L’une des phrases qui a beaucoup impressionné les Américains, ce fut lors de son discours d’investiture comme
35e Président des États-Unis le 20 janvier 1961 : « Vous qui, comme moi, êtes Américains, ne vous demandez pas ce que votre pays peut
faire pour vous, mais demandez-vous ce que vous pouvez faire pour votre pays. Vous qui, comme moi, êtes citoyens du monde, ne vous demandez pas ce que les États-Unis peuvent faire pour le monde,
mais demandez-vous ce que vous pouvez faire pour le monde ! ».
Un nouveau concept en communication politique, la Nouvelle Frontière
Je profiterais plutôt de l’occasion de ce cinquantenaire pour m’arrêter à un célèbre discours de Kennedy,
celui d’acceptation de son investiture lors de la Convention du parti démocrate le 15 juillet 1960 au Los Angeles Memorial Coliseum (texte qu’on peut
relire ici). Il n’était donc pas encore élu et son concurrent républicain, le Vice-Président Richard
Nixon, poulain du grand général Dwight Eisenhower, était plutôt le favori.
C’était son fameux discours sur la nouvelle frontière (« new
frontier ») qui a imprimé les États-Unis pour la décennie des années 1960, avec comme point le plus symbolique, des hommes marchant sur la Lune le 21 juillet 1969 (le programme spatial
fut formellement lancé le 25 mai 1961 : « Notre nation doit s’engager à faire atterrir l’homme sur la Lune et à le ramener sur Terre sain et
sauf avant la fin de la décennie. » ; mission remplie).
Il est des expressions qui sont irrémédiablement associées à certaines personnalités. "Nouvelle frontière"
colle à JFK comme "Nouvelle société" colle à Jacques Chaban-Delmas (pour ne prendre qu’un exemple parmi de
multiples).
Le concept de "frontière" a été même replacé assez curieusement par Nicolas Sarkozy dans sa campagne présidentielle de 2012, mais avec un sens très différent du sens kennédien. Alors que Kennedy l’imaginait pierre angulaire d’ouverture et
de progrès, cette frontière circonstancielle néosarkozyenne se voulait plutôt caresser les partisans du protectionnisme frileux et ceux qui veulent fermer les frontières et supprimer l’immigration.

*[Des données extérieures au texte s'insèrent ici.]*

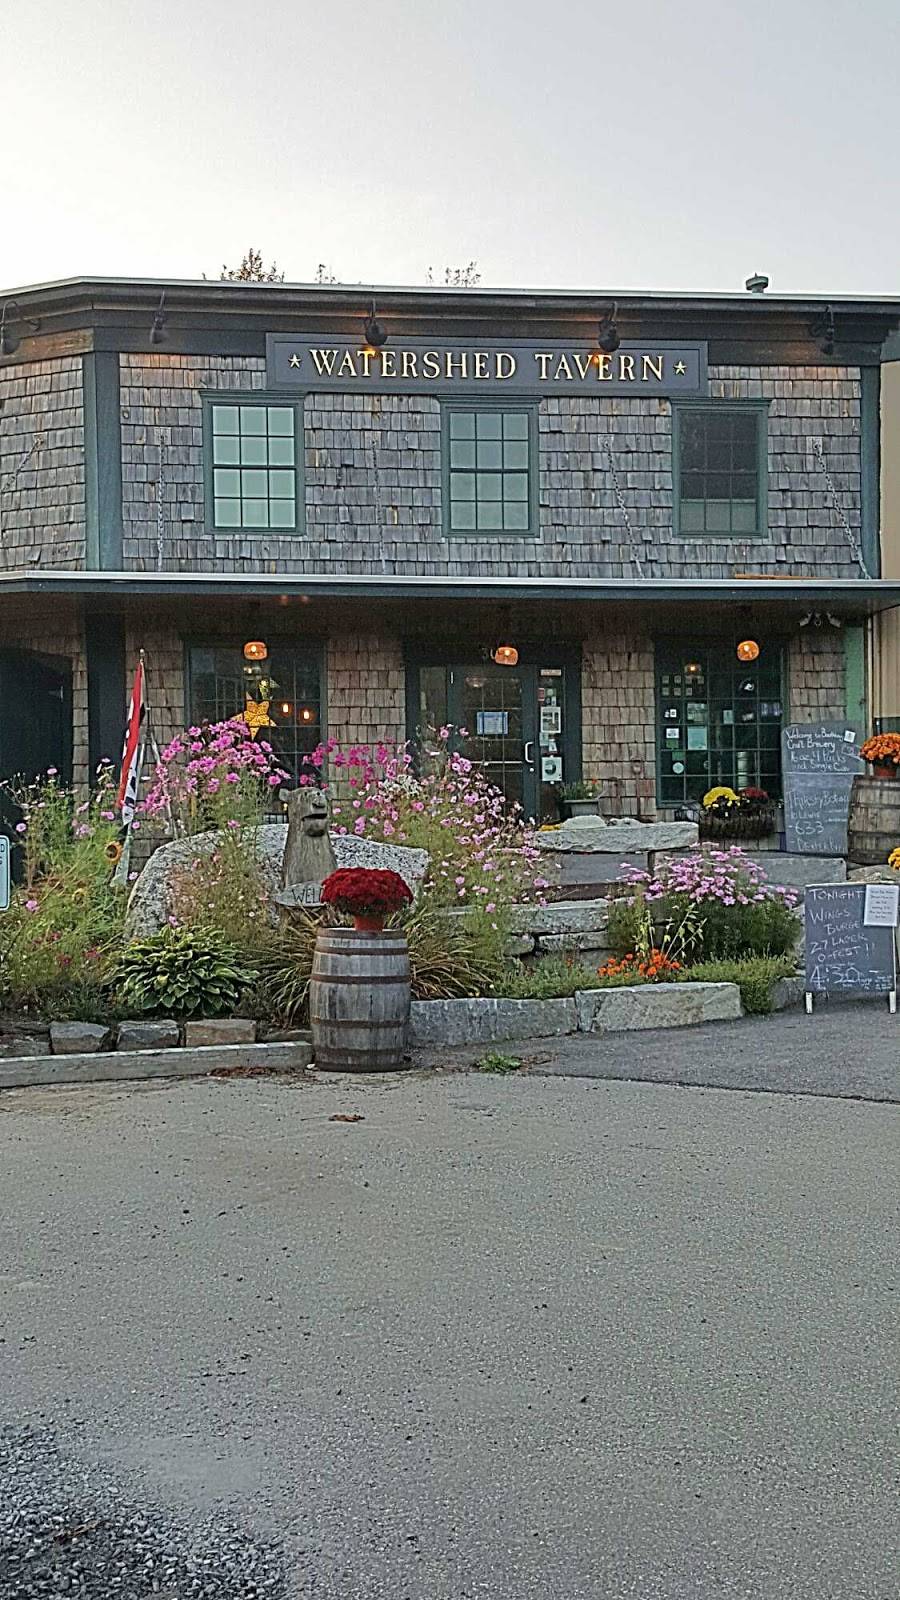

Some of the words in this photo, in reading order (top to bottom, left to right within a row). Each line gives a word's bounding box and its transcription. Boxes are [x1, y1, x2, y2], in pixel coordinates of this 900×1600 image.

Dans l’acceptation kennédienne, on pourrait aussi citer le pseudo-Dominique de Villepin croqué dans une excellente bande dessinée "Quai d’Orsay" (par Abel Lanzac et Christophe Blain, éd. Dargaud), dont l’adaptation cinématographique est actuellement diffusée
dans les salles. Le personnage est montré excité par ses propres réflexions qu’il ne peut s’empêcher de faire partager à son malheureux bras droit : « Il faut inventer un nouvel esprit de la frontière. La frontière, c’est la conquête, c’est l’ouest, les espaces libres… le défi… Depuis la fin des territoires
vierges et de la conquête spatiale, on a perdu l’esprit de la frontière. C’est ça qu’il faut retrouver. (…) La nouvelle frontière, c’est le grand souffle. C’est la conscience collective. (…) La
nouvelle frontière, c’est se tourner vers l’autre. C’est l’amour. Les Américains, eux, ils sont toujours en train de courir après l’ancienne frontière, la conquête, les
territoires… ».
Mais laissons l’humour plus ou moins fidèle à la réalité et revenons à ce fameux discours de Kennedy du 15
juillet 1960.
Le discours du 15 juillet 1960
Dans le texte, Kennedy expliquait avec plein de dynamisme : « For the problems are not solved and the battles are not all won, and we stand today on the edge of a New Frontier, the frontier of the 1960’s, a frontier of
unknown opportunities and perils, a frontier of unfulfilled hopes and threats. (…) But I tell you the New Frontier is here, whether we seek it or not. Beyond that frontier are the uncharted areas
of science and space, unsolved problems of peace and war, unconquered pockets of ignorance and prejudice, unanswered questions of poverty and suplus. (…) But I believe the times demand invention,
innovation, imagination, decision. I am asking each of you to be new pionners on that New Frontier. My call is to the young in heart, regardless of age, to the stout in spirit, regardless of
party, to all who respond to the Scriptural call : "Be strong and of a good courage ; be not afraid, neither be thou dismayed" ! ».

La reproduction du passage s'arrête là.